The current reality of the UPPA push as of late? Believing they’ve made progress in getting contractors out of the way by prohibiting them from negotiating their insured customers claims, the same busy body bureaucrats and other P&C insurance industry connected individuals are now pushing to place restrictions on public adjusters and insured plaintiff's attorneys. Several years ago, ex-TV editor and weather reporter Mark Kulda said the following during a local TV interview regarding the use of public adjusters: "On any insurance claims, rather than hire a public adjuster, most homeowner's claims are handled successfully. If you do have a dispute the best source is to always go back to the insurance company first”. Kulda is currently the V.P. of Public Affairs for the Insurance Federation of Minnesota who was and is likely still working on a bill that would tighten regulations on public adjusters. Along with falsely blaming contractors (pre-UPPA legislation), for pushing up claim amounts and therefore premiums, he and others in similar positions are now also blaming public adjusters and attorneys for doing the same thing.
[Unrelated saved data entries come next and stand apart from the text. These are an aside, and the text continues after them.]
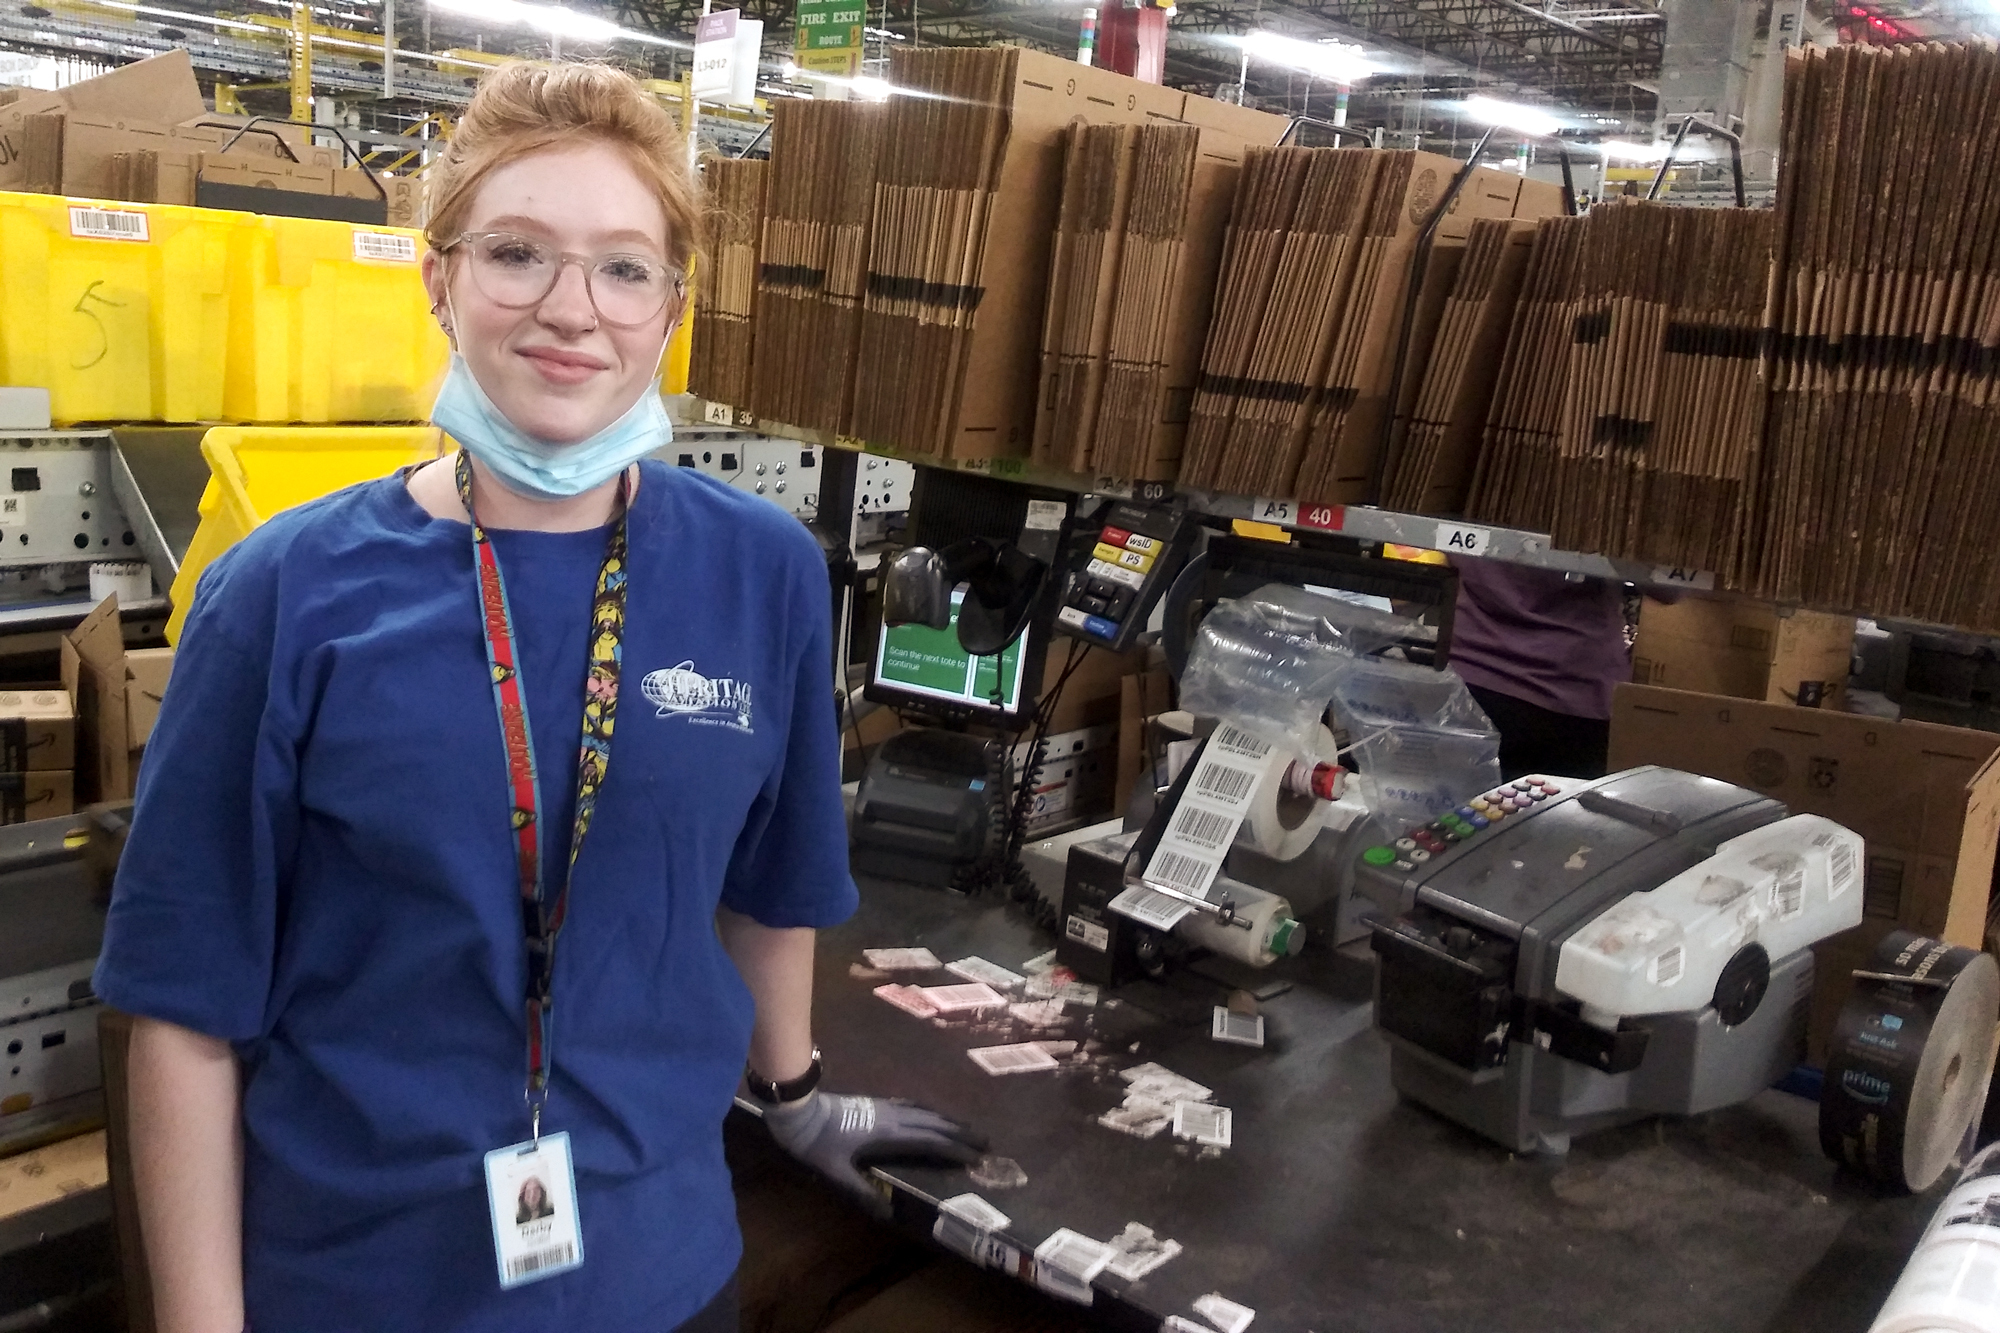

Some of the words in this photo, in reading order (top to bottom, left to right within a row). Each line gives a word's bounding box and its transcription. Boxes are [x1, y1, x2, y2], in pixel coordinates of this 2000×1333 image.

[801, 13, 827, 25] FIRE
[832, 11, 861, 23] EXIT
[819, 35, 843, 46] ROUTE
[70, 279, 128, 370] 5
[712, 407, 726, 420] A1
[1143, 483, 1164, 500] 60
[1263, 502, 1288, 519] A5
[1309, 508, 1332, 526] 40
[1448, 530, 1477, 549] A6
[1125, 553, 1141, 565] PS
[887, 658, 921, 672] continue
[889, 645, 909, 658] Scan
[909, 649, 922, 661] the
[923, 653, 940, 664] next
[940, 655, 957, 667] tote
[957, 659, 966, 669] to
[1842, 1068, 1891, 1094] prime
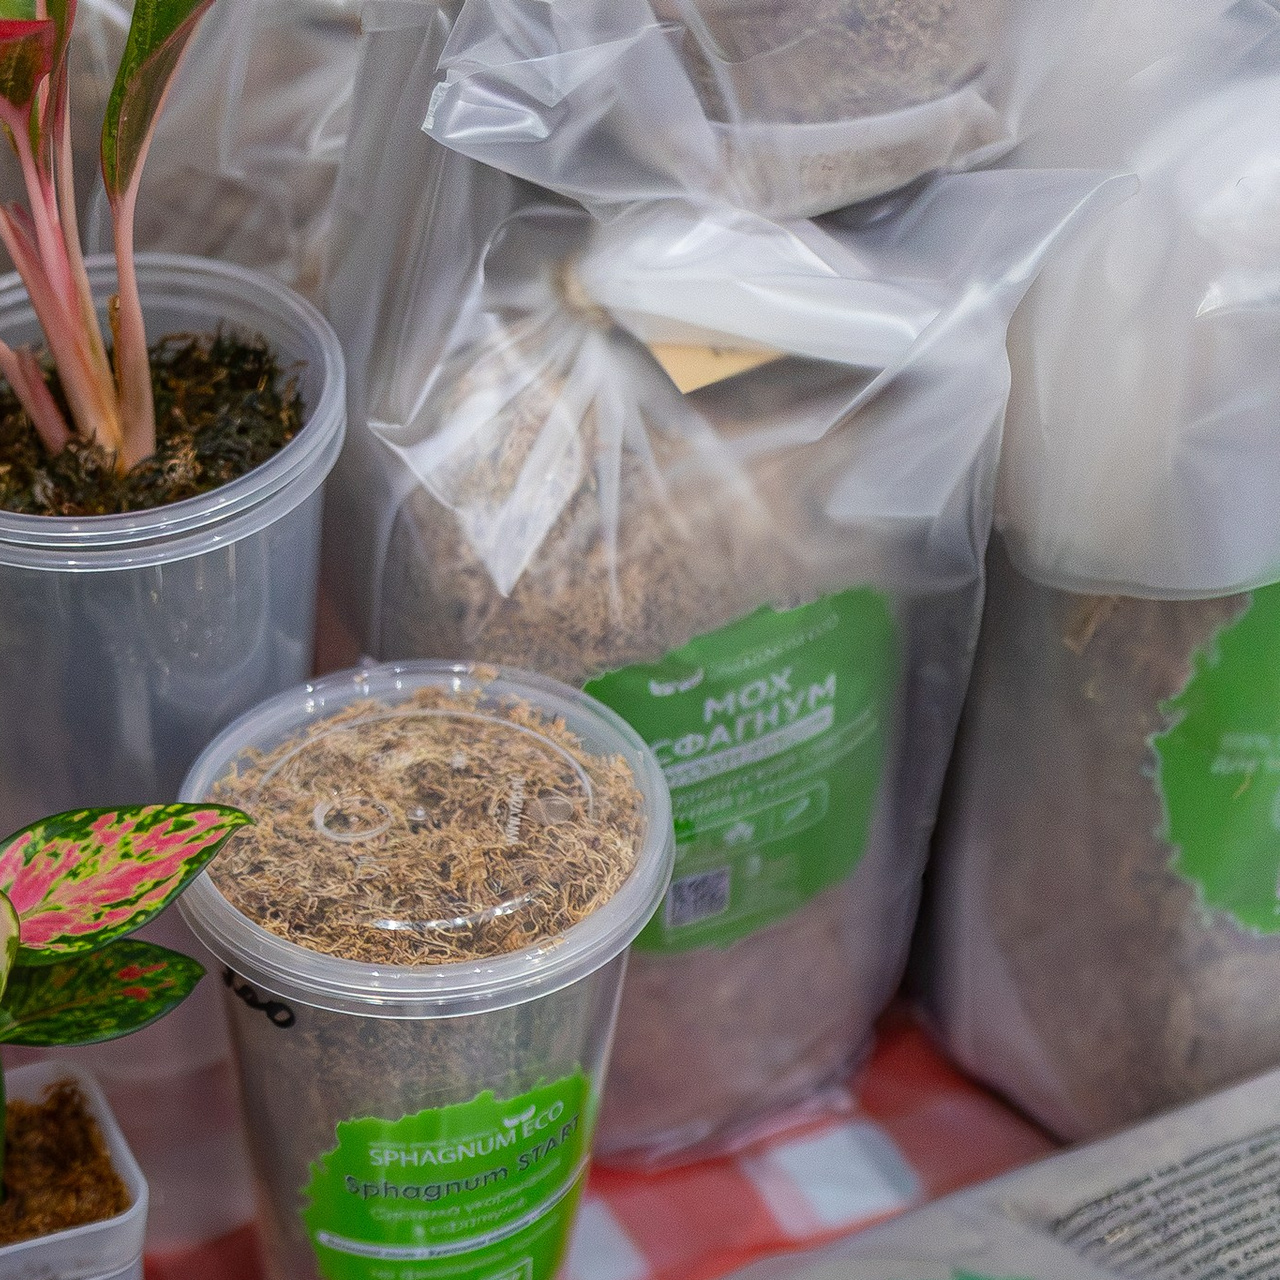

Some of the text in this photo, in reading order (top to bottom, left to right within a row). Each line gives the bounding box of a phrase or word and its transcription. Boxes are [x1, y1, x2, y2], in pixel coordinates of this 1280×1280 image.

[704, 667, 793, 723] МОХ
[345, 1114, 579, 1201] Sphagnum START
[369, 1101, 564, 1167] SPHAGNUM ECO
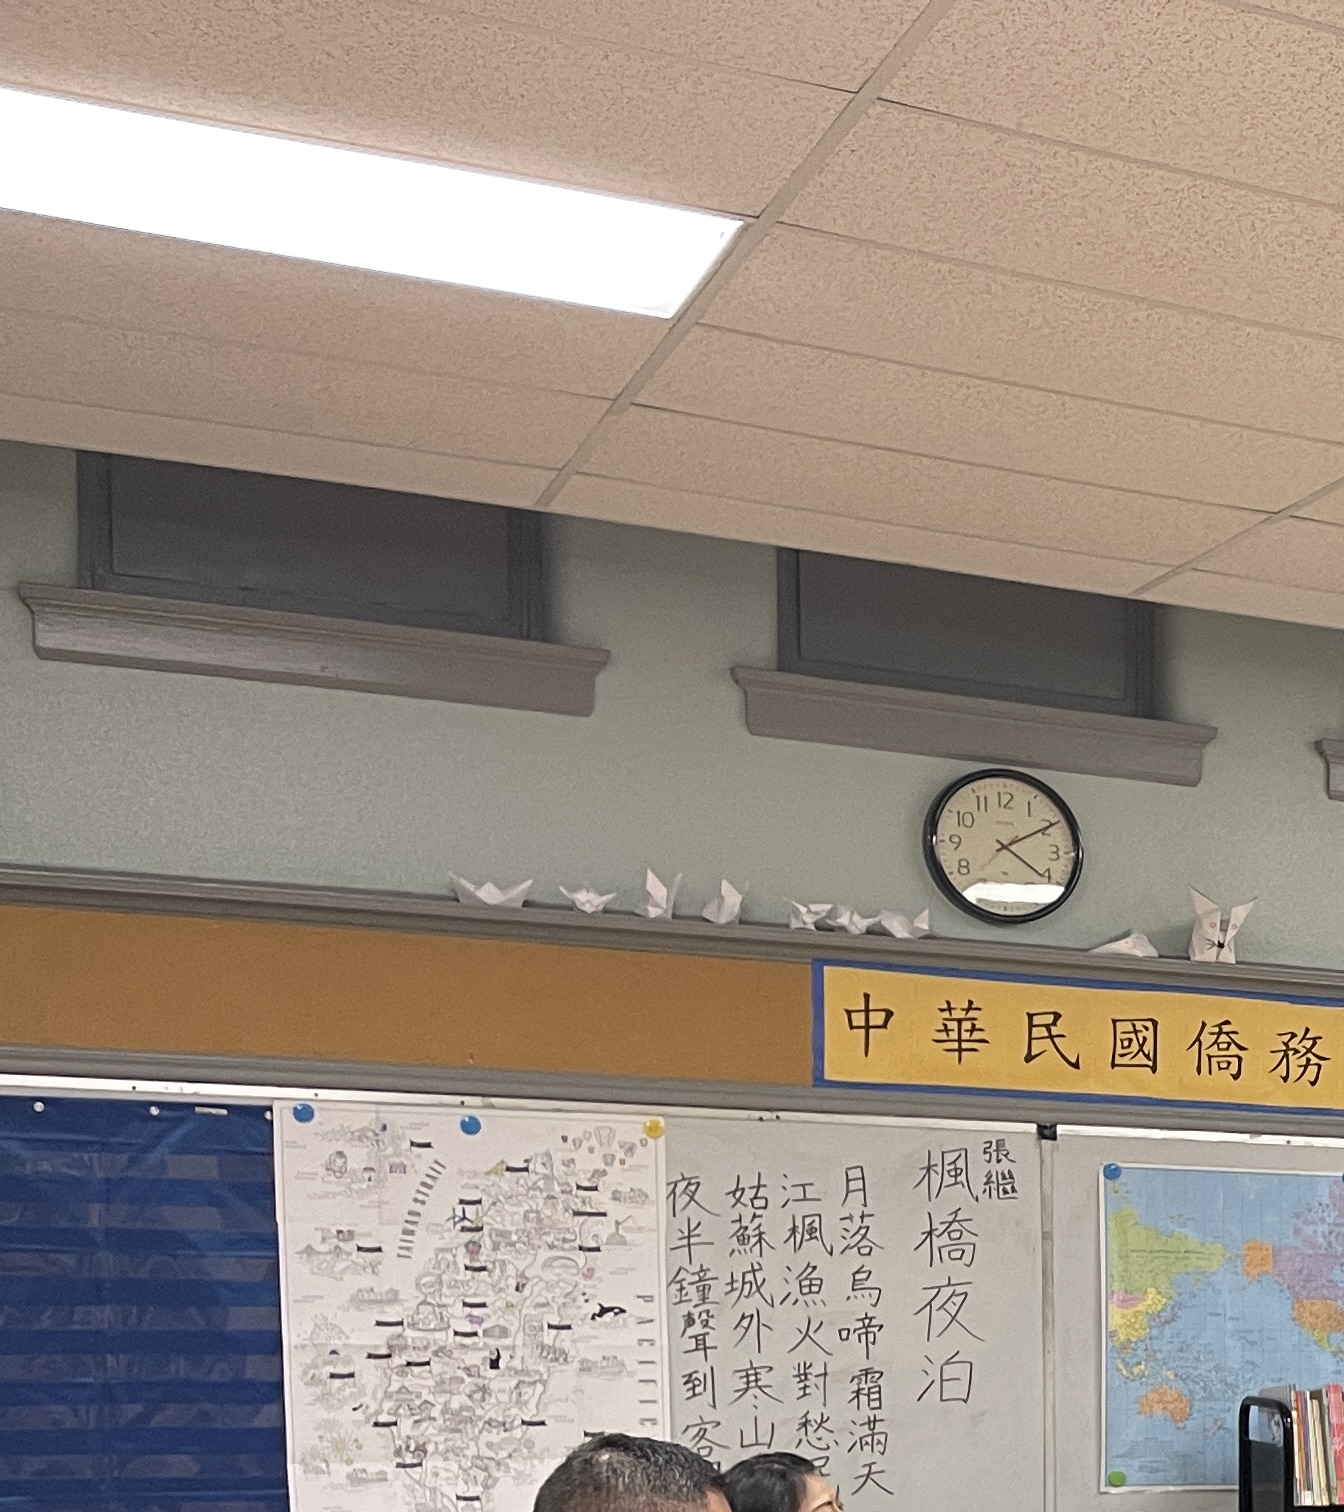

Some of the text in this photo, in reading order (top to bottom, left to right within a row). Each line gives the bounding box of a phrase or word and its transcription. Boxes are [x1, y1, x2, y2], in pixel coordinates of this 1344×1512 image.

Another quite transparent and feigned excuse the P&C insurance industry and the public adjuster lobbyists uses to support UPPA laws that prevent contractors from negotiating their customers claims is that doing so results in a conflict of interest. In the real world, free market pro contractors who contract insurance covered repair claims want to achieve the same goal as any other free market business - maximum profits and income. However, the only way they accomplish that is by helping their insured customers to achieve maximum claims settlements that are not unlimited but rather simply relative to the insurance premiums they paid. Since P&C insurance initial settlement offers that are typically based on inaccurate low ball pricing are not relative to the premiums paid by the insured's, they are therefore not free market but rather forced market.
The insured whose contractor cannot confront the insurance company adjusters and claims managers are held hostage until they either hire and pay an appraiser, public adjuster or attorney or simply give up. If they give up and accept whatever lowball offer their insurance company gives them, the insurance company is illegally and unjustly (financially) enriched. If the insured hires a public adjuster who moves the total price to RTA, they must then subtract the PA's fee from the contractors contract price which then violates the terms of the contract...and that's just the way the insurance industry likes it. They care not that an insured (or thousands of them) get into a dispute with their contractor. All they care about is paying out as little as possible.
In economics, a free market is an idealized system in which the prices for goods and services are determined by the open market and consumers, in which the laws and forces of supply and demand are free from any intervention by a government, price-setting monopoly, or other (self proclaimed) "authority" - such as a P&C insurance company. When an insurance company says they will pay no more than their initial low price offers, they have, in effect, "set" the price of the claim while knowing full well that doing so clearly violates fundamental free market principles. Their out when that is the case, is to slightly increase the claim offer upwards in order to appease the insured customer and hope they will accept the insurance company's next "final" offer. On the "ranch" claim discussed below, (with no appraiser or public adjuster involvement) even though the insurance company increased their "final" offer at least six times until their final settlement offer met free market RTA pricing, they never paid more than they should have. Moving P&C insurance companies to fully, fairly and properly pay their claims at RTA free market rates is not, as they continuously claim, overcharging but rather, simply moving them to pay their claims at RTA free market rates that are relative to the premiums paid. Again, contractors cannot force insurance companies to sign insured's claim checks.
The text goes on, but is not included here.